Jamesnkr wrote:They're like something out of a long-gone world (which of course they are, in a way). There's a real element of magic to them. Crossed with Chemistry.
I couldn't have said it better myself!
I really love the creative side of doing stuff like this. It's all Pete Bingham's fault that I got hooked on this you know. I wasn't even a picture framer in those days. I was in the second hand book business and used to cut mounts to use up and sell collectible book plates out of damaged old books and vintage adverts out of old magazines.
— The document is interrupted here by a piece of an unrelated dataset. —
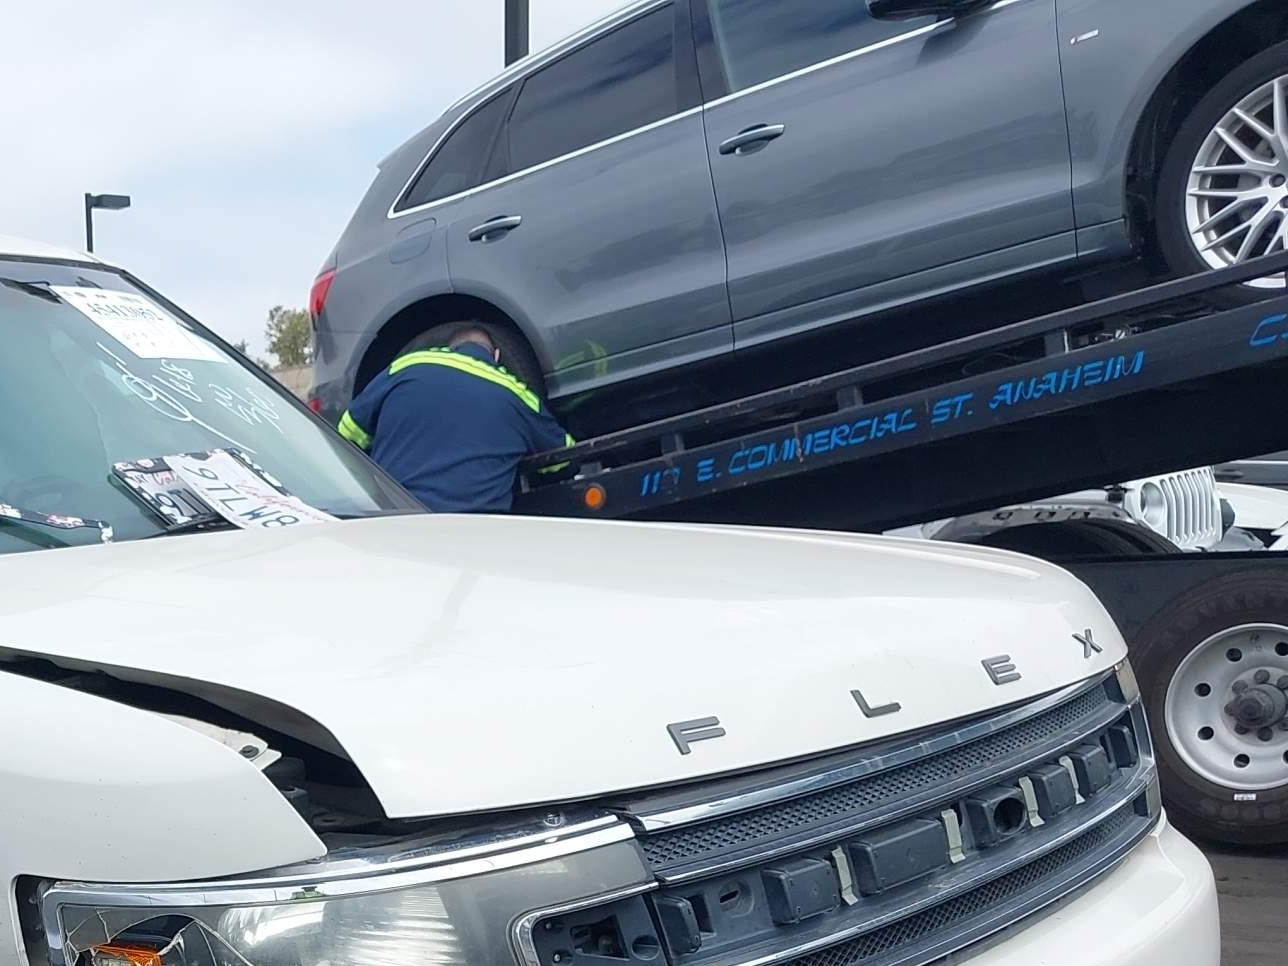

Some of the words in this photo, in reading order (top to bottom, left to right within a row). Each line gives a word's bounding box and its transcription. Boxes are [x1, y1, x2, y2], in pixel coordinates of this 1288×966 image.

Someone at the company which supplied me with my mountboard, asked me while I was placing an order for another pack of mountboard, if I was going to the Spring Fair, so I asked what the Spring Fair was all about. I went there just to be nosey, walked around a corner and spotted Pete Bingham demostrating hand finishing. My wife had trouble dragging me away! I was hooked! Hand finishing was a large part of what led my to be a framer.
I've been at it since about the year 2,000. I still love it as much as ever all these years later. I never originally planned to become self employed, but it was either that, or starve at the time. It's amazing how things happen that you never planned, or wanted. Things sometimes just come out of the blue and everything changes and you go with it because needs must.
I had already worked a bookbinder repairing books for a bookshop in Southsea and restoring old documents for the same shop. It was through this same shop that I was trained to be a bookbinder and paper conservator. Some years before this, I had to spend some time out of my original engineering career while suffering with M.E. and during this time I made a living buying, repairing and selling antique and vintage items. Quite a lot of this was small items of furniture, or woodwork.
It's taken me about forty years to final get to where I am now, but none of the things I had to learn along the way got wasted and I still used many of these same skills today. It's been quite a journey!